XVII.

Я покинул тесные заливы и узкие бухты; мне наскучили вечные идиллии с дымом, поднимающимся из труб хижин, мне опостылело солнце, которое с невозмутимым спокойствием равно светит праведным и грешным.

Моя нарядная увеселительная яхта уже проплыла через мою юность с ее бесчисленными заливами. Однажды, взойдя на палубу, я увидел зрелище, которое я не забуду в течение долгих лет и буду вспоминать в пасмурные дни и светлые ночи. Через все небо, от горизонта до горизонта, протянулась колоссальная дуга, образовавшая ворота в форме молодого месяца. И на этой дуге блестели и переливались начертанные золотом слова:

„Врата царства Правды“.

Когда вечер спустился на море, мое судно проплыло под воротами под звуки неведомой музыки.

Пятнадцать месяцев наслаждался я в Новой Стране. Однажды я лежал, протянувшись на палубе яхты, вперив свои взоры в пространство. В душе моей царил радостный покой. Небо алело, как вино и розы, как любовь и кровь, и океан был алым, как небо. И на пурпурном небе стояло черное солнце, черное, точно уголь или горе, а внизу, в пурпурной глубине, отражался колоссальный, исчерна-красный столб, напоминающий гранат с черным отливом.

Там, далеко на горизонте, светлела полоска, точно золотая бахрома вокруг алого покрывала — там простирались мои новооткрытые острова, по которым я блуждал как новый Адам в раю, как новый человек в Новом Мире.

То, что было в старом мире ломаным, здесь представлялось прямым; что я привык видеть в форме зигзагов, становилось кругом. Добродетели еле плелись, спотыкаясь на своих костылях как старики, готовые к смерти, а пороки стояли в роскошном цвету. На неведомых деревьях росли плоды странной и необыкновенной свежести, но они были плоды того древа, от которого некогда вкусила наша праматерь Ева.
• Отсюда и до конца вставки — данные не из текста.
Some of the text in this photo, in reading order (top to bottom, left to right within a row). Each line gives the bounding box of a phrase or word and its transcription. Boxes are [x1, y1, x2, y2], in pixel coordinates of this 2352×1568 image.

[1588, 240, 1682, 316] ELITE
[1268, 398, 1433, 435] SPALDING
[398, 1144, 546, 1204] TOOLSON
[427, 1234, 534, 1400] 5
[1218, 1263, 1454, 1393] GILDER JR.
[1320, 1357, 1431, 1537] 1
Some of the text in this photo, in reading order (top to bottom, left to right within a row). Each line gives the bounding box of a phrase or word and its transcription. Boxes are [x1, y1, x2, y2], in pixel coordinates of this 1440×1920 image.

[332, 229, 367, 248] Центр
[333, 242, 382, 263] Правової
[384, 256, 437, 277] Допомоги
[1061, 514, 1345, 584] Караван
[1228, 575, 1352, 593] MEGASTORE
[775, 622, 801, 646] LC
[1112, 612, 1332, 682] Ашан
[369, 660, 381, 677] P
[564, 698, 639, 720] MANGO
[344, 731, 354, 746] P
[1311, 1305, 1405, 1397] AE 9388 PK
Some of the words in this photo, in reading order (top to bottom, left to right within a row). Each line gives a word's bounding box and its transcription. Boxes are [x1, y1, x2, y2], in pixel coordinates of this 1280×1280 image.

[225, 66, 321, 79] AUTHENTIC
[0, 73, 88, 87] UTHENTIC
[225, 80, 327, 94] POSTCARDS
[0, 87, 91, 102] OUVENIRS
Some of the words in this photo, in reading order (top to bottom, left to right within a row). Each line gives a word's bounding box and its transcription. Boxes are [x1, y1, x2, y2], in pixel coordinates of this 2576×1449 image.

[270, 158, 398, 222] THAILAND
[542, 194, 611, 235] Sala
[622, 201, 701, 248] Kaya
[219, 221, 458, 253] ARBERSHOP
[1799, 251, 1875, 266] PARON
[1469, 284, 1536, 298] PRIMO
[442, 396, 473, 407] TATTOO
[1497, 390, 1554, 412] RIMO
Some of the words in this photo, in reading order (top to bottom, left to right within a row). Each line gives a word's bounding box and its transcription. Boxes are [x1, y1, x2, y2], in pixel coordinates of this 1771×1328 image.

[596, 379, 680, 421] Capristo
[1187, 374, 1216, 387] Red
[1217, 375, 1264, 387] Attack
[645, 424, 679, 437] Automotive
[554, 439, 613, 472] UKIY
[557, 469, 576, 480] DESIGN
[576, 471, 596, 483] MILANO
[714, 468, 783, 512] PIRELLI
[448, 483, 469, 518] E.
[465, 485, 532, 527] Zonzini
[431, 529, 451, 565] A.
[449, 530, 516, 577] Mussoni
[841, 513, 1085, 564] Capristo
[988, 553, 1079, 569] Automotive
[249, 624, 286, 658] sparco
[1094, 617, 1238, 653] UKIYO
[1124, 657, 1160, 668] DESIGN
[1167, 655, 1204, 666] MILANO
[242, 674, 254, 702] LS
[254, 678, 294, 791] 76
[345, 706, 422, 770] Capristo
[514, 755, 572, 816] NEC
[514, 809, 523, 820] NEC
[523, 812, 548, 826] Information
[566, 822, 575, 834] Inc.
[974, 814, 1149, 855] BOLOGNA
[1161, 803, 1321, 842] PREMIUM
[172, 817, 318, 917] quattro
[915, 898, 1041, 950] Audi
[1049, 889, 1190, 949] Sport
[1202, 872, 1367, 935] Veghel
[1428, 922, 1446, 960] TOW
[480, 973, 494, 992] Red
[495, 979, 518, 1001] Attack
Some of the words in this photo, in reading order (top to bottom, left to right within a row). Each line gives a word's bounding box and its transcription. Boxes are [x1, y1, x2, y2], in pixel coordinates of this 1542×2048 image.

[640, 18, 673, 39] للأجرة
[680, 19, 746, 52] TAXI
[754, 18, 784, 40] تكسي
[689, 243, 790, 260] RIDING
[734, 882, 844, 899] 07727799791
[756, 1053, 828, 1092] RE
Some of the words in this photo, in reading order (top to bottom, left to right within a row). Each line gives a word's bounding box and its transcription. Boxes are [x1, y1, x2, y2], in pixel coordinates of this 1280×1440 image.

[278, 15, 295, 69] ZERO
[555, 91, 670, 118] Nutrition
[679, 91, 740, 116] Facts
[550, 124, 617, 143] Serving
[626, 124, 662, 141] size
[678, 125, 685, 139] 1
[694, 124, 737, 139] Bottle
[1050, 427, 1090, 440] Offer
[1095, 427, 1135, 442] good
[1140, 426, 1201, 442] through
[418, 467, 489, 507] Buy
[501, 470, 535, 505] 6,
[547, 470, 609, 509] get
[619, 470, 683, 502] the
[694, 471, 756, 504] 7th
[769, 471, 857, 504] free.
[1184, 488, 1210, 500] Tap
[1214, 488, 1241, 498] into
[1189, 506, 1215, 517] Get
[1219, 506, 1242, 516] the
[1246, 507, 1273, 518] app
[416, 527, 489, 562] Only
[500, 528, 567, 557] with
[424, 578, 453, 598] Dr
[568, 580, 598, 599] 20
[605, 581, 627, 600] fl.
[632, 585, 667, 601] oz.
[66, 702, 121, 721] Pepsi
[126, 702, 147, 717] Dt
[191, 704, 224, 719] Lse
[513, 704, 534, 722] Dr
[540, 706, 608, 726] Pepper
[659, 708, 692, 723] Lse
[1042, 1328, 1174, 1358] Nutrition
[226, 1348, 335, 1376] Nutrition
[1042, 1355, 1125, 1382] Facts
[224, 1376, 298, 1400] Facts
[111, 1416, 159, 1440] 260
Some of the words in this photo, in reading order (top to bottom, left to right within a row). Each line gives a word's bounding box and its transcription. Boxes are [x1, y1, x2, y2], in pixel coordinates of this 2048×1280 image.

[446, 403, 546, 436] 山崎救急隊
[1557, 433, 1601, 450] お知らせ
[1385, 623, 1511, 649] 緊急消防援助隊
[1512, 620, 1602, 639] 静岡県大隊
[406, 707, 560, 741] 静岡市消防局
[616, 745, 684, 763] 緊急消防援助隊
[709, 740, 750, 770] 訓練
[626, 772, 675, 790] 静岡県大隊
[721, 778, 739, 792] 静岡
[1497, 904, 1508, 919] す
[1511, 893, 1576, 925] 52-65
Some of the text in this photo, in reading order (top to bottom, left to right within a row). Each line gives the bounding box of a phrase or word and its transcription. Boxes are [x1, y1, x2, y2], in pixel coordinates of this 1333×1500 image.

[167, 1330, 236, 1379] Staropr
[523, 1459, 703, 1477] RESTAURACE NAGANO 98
Тогда как в плодах, принесенных мною и бывших лучшим украшением старого мира, — я находил червей в семенах. Я лежал, протянувшись, на палубе моей увеселительной яхты и смотрел на золотую бахрому, висевшую вокруг красного покрывала, и на моей душе царил радостный покой. Прекрасные мысли нежно сплывали с раскинувшегося белого флера чувств, отделялись от него, поднимались, склонялись над душою и отражались в ней; и образ их был преисполнен безмятежным покоем, глаза их улыбались, губы шевелились, — вдруг я услышал свой собственный голос:

„Счастлив, счастлив, счастлив тот, кто обрел единую и великую истину и может отдыхать на ее нолях. Что для него враги, что для него самая смерть? Чуть заметные перистые облачка!

„Жизнь — его собственная душа; а душа — это зал, где он празднует тихие торжества.

„Трижды счастлив тот, кто находит покой на полях истины и кто слышит, как журчат ручьи вечной правды“.

Вдруг зазвенел воздух, и я услышал крики птиц; взглянув вверх, я увидел, как все пурпурное пространство наполнилось черными как солнце птицами. У них были крылья как у морских птиц, длинные и острые, приспособленные для дальних полетов. Когда они пролетали над моим судном, птица, летевшая впереди других, опустилась на верхушку моей мачты и сказала человеческим голосом:

„Бросающий якорь — проигрывает. Вчера была обетованная страна, где текло молоко и мед, — сегодня пустыня без единого цветка. Завтра твое Эльдорадо превратится в каменистую страну. Мы проносимся над твоей головой, а ты лежишь и дремлешь в своем гордом благодушии, забывая, что ты некогда сам пролетал над землями с заснувшими жителями. За твоими островами лежат новые миры, в них горят новые зори“.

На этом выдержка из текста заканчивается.